This task requires every entry to be set down again exactly.

----- PROVIDED ENTRIES -----

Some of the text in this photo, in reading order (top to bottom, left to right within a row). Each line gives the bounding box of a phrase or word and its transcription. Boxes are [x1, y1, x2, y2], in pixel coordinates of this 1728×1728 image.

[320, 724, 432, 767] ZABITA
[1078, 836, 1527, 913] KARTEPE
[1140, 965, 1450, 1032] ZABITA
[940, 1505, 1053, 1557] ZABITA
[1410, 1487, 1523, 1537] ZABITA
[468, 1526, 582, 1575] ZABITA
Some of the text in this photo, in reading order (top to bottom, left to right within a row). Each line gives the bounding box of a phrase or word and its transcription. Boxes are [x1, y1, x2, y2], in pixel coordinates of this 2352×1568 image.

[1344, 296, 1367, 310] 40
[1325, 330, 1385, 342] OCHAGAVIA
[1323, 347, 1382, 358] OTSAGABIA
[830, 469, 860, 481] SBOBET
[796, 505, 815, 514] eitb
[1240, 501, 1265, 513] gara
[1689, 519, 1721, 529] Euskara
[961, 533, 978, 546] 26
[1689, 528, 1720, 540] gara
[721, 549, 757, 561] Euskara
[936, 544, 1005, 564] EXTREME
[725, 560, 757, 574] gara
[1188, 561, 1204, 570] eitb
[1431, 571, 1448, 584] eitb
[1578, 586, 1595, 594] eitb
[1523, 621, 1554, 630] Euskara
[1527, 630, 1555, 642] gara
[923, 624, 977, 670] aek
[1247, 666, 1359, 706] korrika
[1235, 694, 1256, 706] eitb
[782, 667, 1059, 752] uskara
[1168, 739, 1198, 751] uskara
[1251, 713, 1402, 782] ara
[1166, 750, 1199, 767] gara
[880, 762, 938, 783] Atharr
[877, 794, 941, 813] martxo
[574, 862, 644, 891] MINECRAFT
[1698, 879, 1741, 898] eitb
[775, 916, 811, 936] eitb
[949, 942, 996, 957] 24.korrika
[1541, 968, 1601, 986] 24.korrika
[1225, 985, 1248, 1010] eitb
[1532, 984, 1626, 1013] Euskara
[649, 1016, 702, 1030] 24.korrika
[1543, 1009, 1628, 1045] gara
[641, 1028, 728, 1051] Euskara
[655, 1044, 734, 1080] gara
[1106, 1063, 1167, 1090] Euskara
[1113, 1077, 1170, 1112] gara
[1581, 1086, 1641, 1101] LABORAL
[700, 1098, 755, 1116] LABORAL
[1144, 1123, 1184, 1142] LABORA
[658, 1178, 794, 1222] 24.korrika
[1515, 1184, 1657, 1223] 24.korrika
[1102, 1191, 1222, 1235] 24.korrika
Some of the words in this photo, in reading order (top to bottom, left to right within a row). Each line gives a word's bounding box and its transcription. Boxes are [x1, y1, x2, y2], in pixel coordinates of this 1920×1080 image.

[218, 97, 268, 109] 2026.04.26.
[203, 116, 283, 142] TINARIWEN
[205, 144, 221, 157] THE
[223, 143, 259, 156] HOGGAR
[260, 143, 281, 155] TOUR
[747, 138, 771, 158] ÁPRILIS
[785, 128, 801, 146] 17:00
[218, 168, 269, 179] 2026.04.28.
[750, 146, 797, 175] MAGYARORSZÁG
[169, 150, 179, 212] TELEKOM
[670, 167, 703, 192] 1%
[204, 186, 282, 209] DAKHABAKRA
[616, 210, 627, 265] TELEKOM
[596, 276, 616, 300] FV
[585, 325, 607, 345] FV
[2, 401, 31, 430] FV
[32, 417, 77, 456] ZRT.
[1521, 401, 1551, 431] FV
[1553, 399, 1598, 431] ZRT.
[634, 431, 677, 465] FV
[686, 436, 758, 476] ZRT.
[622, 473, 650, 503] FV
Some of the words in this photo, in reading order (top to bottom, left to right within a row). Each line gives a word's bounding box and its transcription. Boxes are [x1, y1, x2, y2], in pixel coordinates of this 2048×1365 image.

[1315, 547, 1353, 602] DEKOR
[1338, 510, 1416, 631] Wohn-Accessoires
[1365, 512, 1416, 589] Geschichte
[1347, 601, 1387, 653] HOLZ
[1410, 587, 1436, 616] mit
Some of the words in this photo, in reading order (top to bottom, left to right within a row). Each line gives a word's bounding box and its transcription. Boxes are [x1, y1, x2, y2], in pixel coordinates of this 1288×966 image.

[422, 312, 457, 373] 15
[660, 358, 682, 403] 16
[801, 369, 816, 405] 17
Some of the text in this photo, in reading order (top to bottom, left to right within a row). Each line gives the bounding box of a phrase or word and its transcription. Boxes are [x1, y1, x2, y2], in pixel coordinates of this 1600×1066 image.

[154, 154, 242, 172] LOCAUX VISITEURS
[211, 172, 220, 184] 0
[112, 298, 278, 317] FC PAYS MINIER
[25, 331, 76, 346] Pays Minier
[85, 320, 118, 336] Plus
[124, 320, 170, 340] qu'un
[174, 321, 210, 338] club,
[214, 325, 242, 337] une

-----

WRITTEN SOLUTION -
Some of the text in this photo, in reading order (top to bottom, left to right within a row). Each line gives the bounding box of a phrase or word and its transcription. Boxes are [x1, y1, x2, y2], in pixel coordinates of this 1728×1728 image.

[320, 724, 432, 767] ZABITA
[1078, 836, 1527, 913] KARTEPE
[1140, 965, 1450, 1032] ZABITA
[940, 1505, 1053, 1557] ZABITA
[1410, 1487, 1523, 1537] ZABITA
[468, 1526, 582, 1575] ZABITA
Some of the text in this photo, in reading order (top to bottom, left to right within a row). Each line gives the bounding box of a phrase or word and its transcription. Boxes are [x1, y1, x2, y2], in pixel coordinates of this 2352×1568 image.

[1344, 296, 1367, 310] 40
[1325, 330, 1385, 342] OCHAGAVIA
[1323, 347, 1382, 358] OTSAGABIA
[830, 469, 860, 481] SBOBET
[796, 505, 815, 514] eitb
[1240, 501, 1265, 513] gara
[1689, 519, 1721, 529] Euskara
[961, 533, 978, 546] 26
[1689, 528, 1720, 540] gara
[721, 549, 757, 561] Euskara
[936, 544, 1005, 564] EXTREME
[725, 560, 757, 574] gara
[1188, 561, 1204, 570] eitb
[1431, 571, 1448, 584] eitb
[1578, 586, 1595, 594] eitb
[1523, 621, 1554, 630] Euskara
[1527, 630, 1555, 642] gara
[923, 624, 977, 670] aek
[1247, 666, 1359, 706] korrika
[1235, 694, 1256, 706] eitb
[782, 667, 1059, 752] uskara
[1168, 739, 1198, 751] uskara
[1251, 713, 1402, 782] ara
[1166, 750, 1199, 767] gara
[880, 762, 938, 783] Atharr
[877, 794, 941, 813] martxo
[574, 862, 644, 891] MINECRAFT
[1698, 879, 1741, 898] eitb
[775, 916, 811, 936] eitb
[949, 942, 996, 957] 24.korrika
[1541, 968, 1601, 986] 24.korrika
[1225, 985, 1248, 1010] eitb
[1532, 984, 1626, 1013] Euskara
[649, 1016, 702, 1030] 24.korrika
[1543, 1009, 1628, 1045] gara
[641, 1028, 728, 1051] Euskara
[655, 1044, 734, 1080] gara
[1106, 1063, 1167, 1090] Euskara
[1113, 1077, 1170, 1112] gara
[1581, 1086, 1641, 1101] LABORAL
[700, 1098, 755, 1116] LABORAL
[1144, 1123, 1184, 1142] LABORA
[658, 1178, 794, 1222] 24.korrika
[1515, 1184, 1657, 1223] 24.korrika
[1102, 1191, 1222, 1235] 24.korrika
Some of the words in this photo, in reading order (top to bottom, left to right within a row). Each line gives a word's bounding box and its transcription. Boxes are [x1, y1, x2, y2], in pixel coordinates of this 1920×1080 image.

[218, 97, 268, 109] 2026.04.26.
[203, 116, 283, 142] TINARIWEN
[205, 144, 221, 157] THE
[223, 143, 259, 156] HOGGAR
[260, 143, 281, 155] TOUR
[747, 138, 771, 158] ÁPRILIS
[785, 128, 801, 146] 17:00
[218, 168, 269, 179] 2026.04.28.
[750, 146, 797, 175] MAGYARORSZÁG
[169, 150, 179, 212] TELEKOM
[670, 167, 703, 192] 1%
[204, 186, 282, 209] DAKHABAKRA
[616, 210, 627, 265] TELEKOM
[596, 276, 616, 300] FV
[585, 325, 607, 345] FV
[2, 401, 31, 430] FV
[32, 417, 77, 456] ZRT.
[1521, 401, 1551, 431] FV
[1553, 399, 1598, 431] ZRT.
[634, 431, 677, 465] FV
[686, 436, 758, 476] ZRT.
[622, 473, 650, 503] FV
Some of the words in this photo, in reading order (top to bottom, left to right within a row). Each line gives a word's bounding box and its transcription. Boxes are [x1, y1, x2, y2], in pixel coordinates of this 2048×1365 image.

[1315, 547, 1353, 602] DEKOR
[1338, 510, 1416, 631] Wohn-Accessoires
[1365, 512, 1416, 589] Geschichte
[1347, 601, 1387, 653] HOLZ
[1410, 587, 1436, 616] mit
Some of the words in this photo, in reading order (top to bottom, left to right within a row). Each line gives a word's bounding box and its transcription. Boxes are [x1, y1, x2, y2], in pixel coordinates of this 1288×966 image.

[422, 312, 457, 373] 15
[660, 358, 682, 403] 16
[801, 369, 816, 405] 17
Some of the text in this photo, in reading order (top to bottom, left to right within a row). Each line gives the bounding box of a phrase or word and its transcription. Boxes are [x1, y1, x2, y2], in pixel coordinates of this 1600×1066 image.

[154, 154, 242, 172] LOCAUX VISITEURS
[211, 172, 220, 184] 0
[112, 298, 278, 317] FC PAYS MINIER
[25, 331, 76, 346] Pays Minier
[85, 320, 118, 336] Plus
[124, 320, 170, 340] qu'un
[174, 321, 210, 338] club,
[214, 325, 242, 337] une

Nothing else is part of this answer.